Monday, 6 June 2016

Appreciation?


"Being told you are appreciated is one of the simplest and most incredible things you can ever hear.”

That is a quotation that popped up in my Facebook feed this week.  And at this particular moment, it resonated with me quite deeply.

I have been an active volunteer for most of my life, starting in school when I was a member of various student councils.  Most of my volunteering has happened in the town where I presently live, beginning in my children’s Play School, then Home & School, and then various town and church committees and Boards.  At times, I have become overcommitted, and at other times, I have had to take a step back because of other things happening in my life.  It’s fair to say that I have generally found my participation in community groups rewarding and fulfilling, although not always without challenges. 

I do not volunteer with the expectation that people will fall at my feet with gratitude.  I volunteer because I believe that a particular issue or cause is important, because I enjoy being involved with my community, I enjoy interacting and planning and discussing issues and ideas with other community members, and I learn about other people, perspectives and communities.

Just a couple of months ago, I resigned from two organizations with which I have been involved for several years.  In the first one, I was a Board member for about 10 years.  I was the founding Chair of two of its committees and a member of others.  I particularly  enjoyed chairing one committee; its members were a diverse mix of dynamic and creative members, and there were many invigorating discussions and exciting ideas.  It is possibly the most enriching committee I have been involved with.
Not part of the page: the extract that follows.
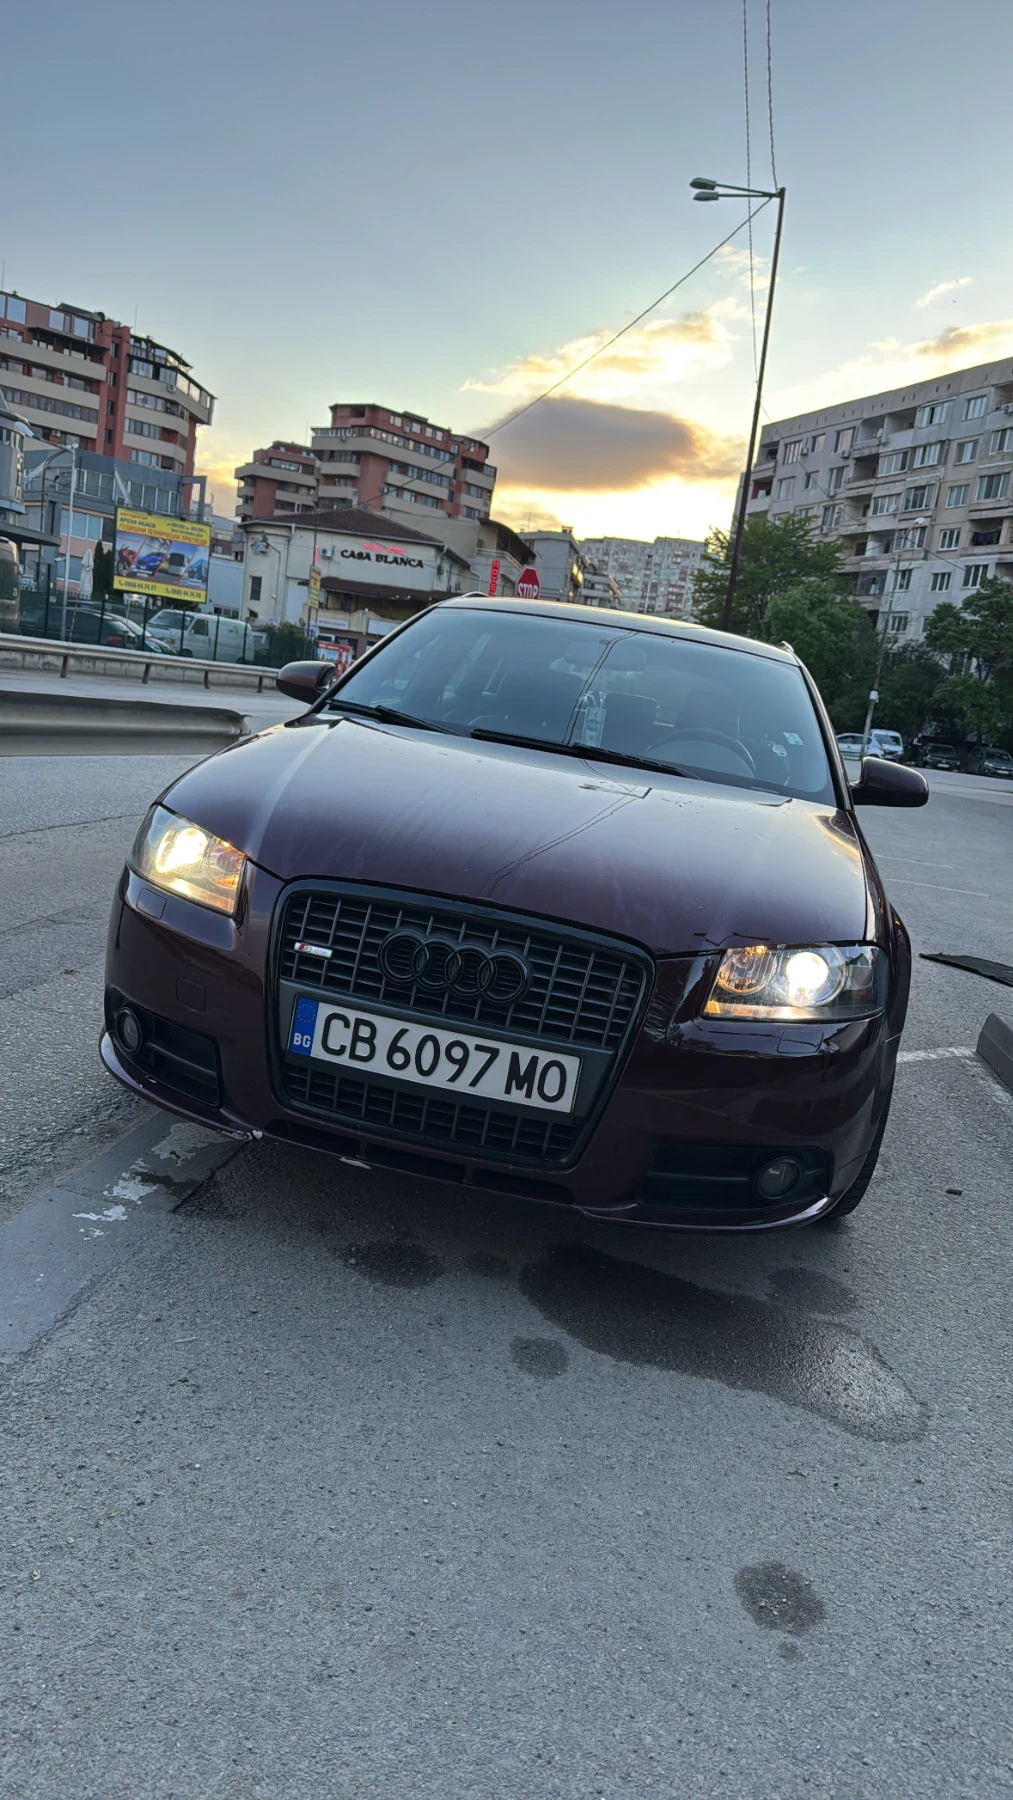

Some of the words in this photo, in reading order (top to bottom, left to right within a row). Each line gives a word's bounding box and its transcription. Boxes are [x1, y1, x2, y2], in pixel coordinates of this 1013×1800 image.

However, after a disturbing and insulting e-mail conversation with a fellow Board member, it became clear to me that I could no longer work within this Board, specifically with this Board member, and I offered my resignation, a painful decision.

The second resignation was from a church committee.  I have been involved with this group almost as long.  We were a small committee, but we had many discussions and ideas about issues that were important to us, and that we believed should be important dialogues within a faith community. 

Last year, the church reorganized its governance structure to get rid of traditional committees.  The church leaders believed that it would work better to have small, time-limited commitments to specific events, rather than term commitments to formal committees.  Our committee, after some discussion, decided to remain intact.  We were subsequently referred to in a written report as a  “resistant” group.  Instead of celebrating that there was at least one group of people who actually were dedicated enough to commit to regular meetings and leadership, and instead of encouraging us, uplifting us, and supporting us, the leaders considered us irritants, “resistant” to their way of doing things.  This attitude was reflected in a lack of support for the initiatives that fuelled our passions through actions such as the loss of a dedicated budget for our committee, and simple things like repeatedly not including announcements about our events in the church bulletins.  That fleeting comment in the report (which was written after I resigned) reflects the frustration and isolation that I experienced, which ultimately led me to step away from the committee, and, for the time being, from the church. 

It’s true, it is gratifying to be told that you are appreciated.  But although expressions of appreciation might have gone a small distance to making me feel as if the past 10 years of my life haven’t been a complete waste of time, as another quotation says, “talk is cheap.”  Words can be powerful, but they can also be meaningless if they are said as an afterthought,  with a lack of sincerity, or merely because it is expected.  Perhaps another popular idiom, “actions speak louder than words,” is more à propos.

Honestly, I am bitter about these two experiences.  My involvement with both of these groups was meaningful to me, and together, we accomplished a lot of good things.  It is hurtful that others did not feel the same.  I suppose in some ways, this is a cathartic post, an attempt to put my feelings into some kind of perspective.  And I don’t really have any words of wisdom to offer.  I think I feel a little bit as if a significant relationship has gone sour.  You put your energy into building a relationship with an organization (and the people in it), you work at it, invest yourself in it, but at some point, the relationship becomes damaged beyond repair, and you feel you have no choice but to walk away.

Maybe in the end, it is about hope.  Hope that the bitterness and sadness will pass, and another “relationship” will come along that will be mutually fulfilling and beneficial.  Hope that what I have learned from my past experiences, good and bad, will shape me into a better person, a better volunteer, a better committee member.  In the meantime, I am proud of and grateful for the many interesting events and discussions and ideas in which I had the privilege to share.

So after I take some time to regroup, I expect I will be back out there, and I will find other opportunities.  When I do, I think I will have a slightly different attitude.  I will be a bit more cautious and judicious about how I choose to expend my energies and with whom, certainly.  I think I will be more open and honest about frustrations, and maybe I will be less patient and less diplomatic (not sure if that’s a good thing).  Finally, I hope that I will be able to express my appreciation for the contributions that others make, certainly through words when that is appropriate, but also through my actions.